Paul Bunyan (film)

Last updated
Paul Bunyan
Paul Bunyan (Disney film).jpg
Directed by Les Clark
Story by
Produced by Walt Disney
Starring
Narrated by Parley Baer
Music by George Bruns
Animation by
  • John Sibley
  • George Nicholas
  • Bob Youngouist
  • George Goepper
  • Fred Kopietz
  • Ken Hultgren
  • Jerry Hathcock
  • Jack Parr
  • Jack Boyd (effects animation)
Layouts by
  • Homer Jonas
  • Jack Huber
Backgrounds byWalt Peregoy
Production
company
Distributed by Buena Vista Distribution
Release date
  • August 1, 1958 (1958-08-01)
Running time
17 minutes
CountryUnited States
LanguageEnglish

Paul Bunyan is a 1958 American animated musical short film produced by Walt Disney Productions. [1] The short was based on the North American folk hero and lumberjack Paul Bunyan and was inspired after meeting with Les Kangas of Paul Bunyan Productions, who gave Disney the idea for the film. The film was directed by Les Clark, a member of Disney's Nine Old Men of core animators. [1] Thurl Ravenscroft starred as the voice of Paul Bunyan. Supporting animators on the project included Lee Hartman. [1]

Contents

Paul Bunyan received an Academy Award nomination for Best Animated Short of 1958, losing to the Looney Tunes cartoon Knighty Knight Bugs , [2] starring Bugs Bunny and Yosemite Sam.

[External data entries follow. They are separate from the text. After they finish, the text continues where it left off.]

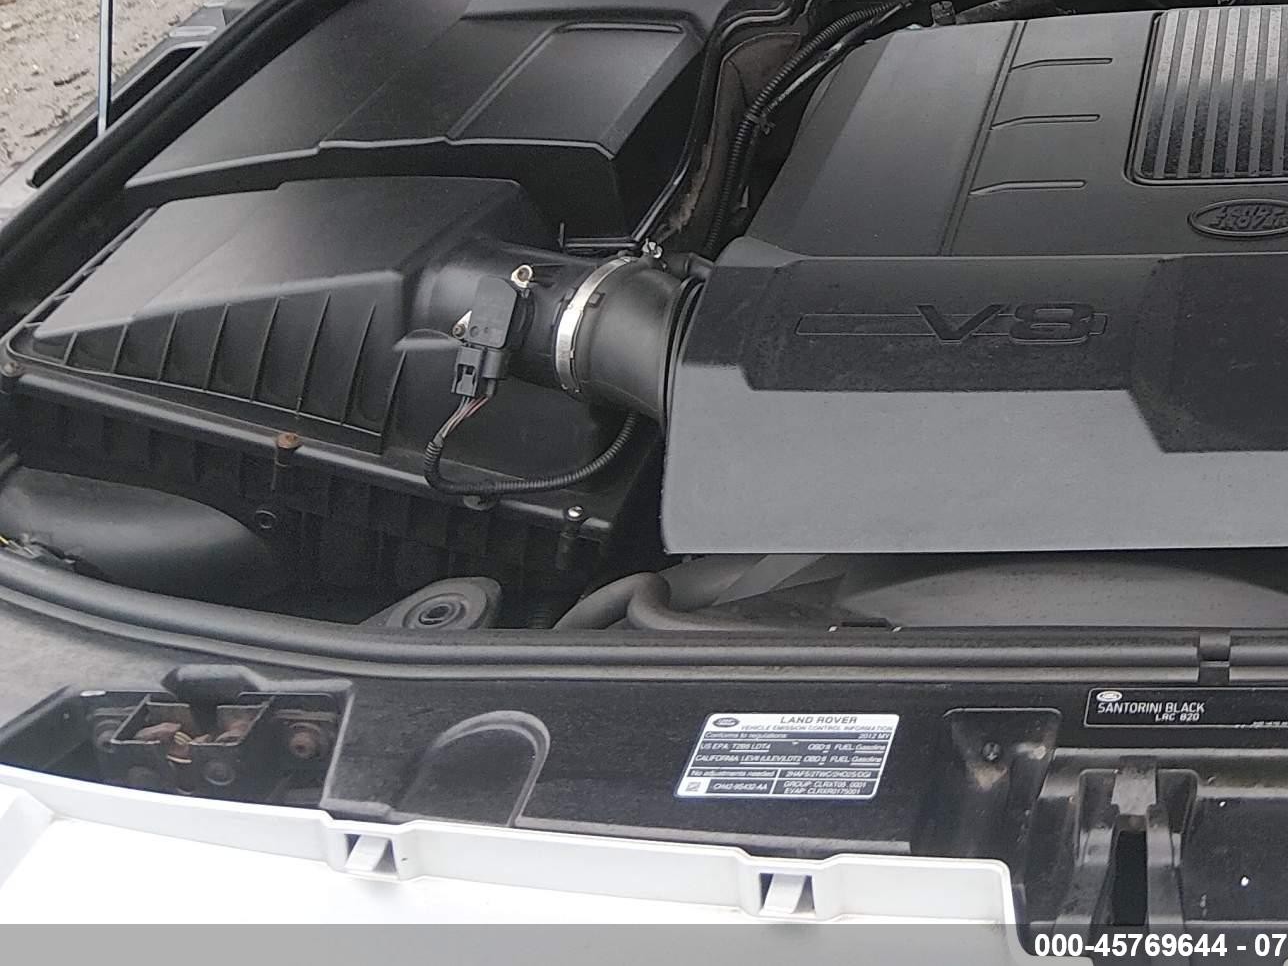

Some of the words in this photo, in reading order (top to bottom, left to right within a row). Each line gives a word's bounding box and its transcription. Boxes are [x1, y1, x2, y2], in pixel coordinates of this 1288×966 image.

[914, 301, 1094, 345] V8
[1097, 702, 1162, 714] SANTORINI
[1165, 702, 1205, 714] BLACK
[780, 716, 814, 724] LAND
[816, 716, 858, 724] ROVER
[1155, 713, 1175, 722] LRC
[1179, 713, 1200, 722] 820

DTV sets clips of the short to Annette Funicello's Tall Paul and is featured in an episode of Sing Me a Story with Belle .

Plot

Following a violent windstorm on the coast of Maine, lumberjack Cal McNab spots a giant cradle washed up on the beach containing a giant baby boy. The lumbering-town adopts and raises the boy, giving him the name Paul Bunyan. One Christmas, the town gives Paul a double-bladed axe to help chop down timber. Paul's work clears open land and allows for the town's expansion of buildings, but Paul is too big for it and decides to move out west.

Paul continues to help clear land for farmers in the midwest. During a fierce blizzard, Paul rescues a giant flash-frozen ox that had turned blue from the cold. Paul adopts the ox and names him Babe. During the following spring, Paul and Babe's footprints through the snow filled up with water and became known as the "Land of 10,000 Lakes". Paul eventually clears the trees from North Dakota and South Dakota, digs the Missouri River to flow the logs downstream to the sawmills, and builds Pike's Peak as a lookout. He creates the Grand Tetons while playing rough with Babe, and makes Yellowstone Falls as a shower bath.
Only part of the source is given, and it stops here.